Free-text object descriptions

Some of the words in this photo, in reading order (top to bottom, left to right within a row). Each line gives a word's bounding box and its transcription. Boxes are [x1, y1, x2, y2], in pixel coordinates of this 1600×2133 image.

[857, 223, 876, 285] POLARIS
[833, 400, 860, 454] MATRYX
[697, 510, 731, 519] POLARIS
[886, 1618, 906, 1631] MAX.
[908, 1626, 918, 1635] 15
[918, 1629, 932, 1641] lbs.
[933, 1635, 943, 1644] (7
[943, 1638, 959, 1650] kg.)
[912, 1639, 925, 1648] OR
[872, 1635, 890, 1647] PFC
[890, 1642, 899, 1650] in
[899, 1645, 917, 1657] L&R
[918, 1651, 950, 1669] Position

• [What the exercise asks]
Each line of the data above should appear again in your answer, exactly as given.

• [Written response]
Some of the words in this photo, in reading order (top to bottom, left to right within a row). Each line gives a word's bounding box and its transcription. Boxes are [x1, y1, x2, y2], in pixel coordinates of this 1600×2133 image.

[857, 223, 876, 285] POLARIS
[833, 400, 860, 454] MATRYX
[697, 510, 731, 519] POLARIS
[886, 1618, 906, 1631] MAX.
[908, 1626, 918, 1635] 15
[918, 1629, 932, 1641] lbs.
[933, 1635, 943, 1644] (7
[943, 1638, 959, 1650] kg.)
[912, 1639, 925, 1648] OR
[872, 1635, 890, 1647] PFC
[890, 1642, 899, 1650] in
[899, 1645, 917, 1657] L&R
[918, 1651, 950, 1669] Position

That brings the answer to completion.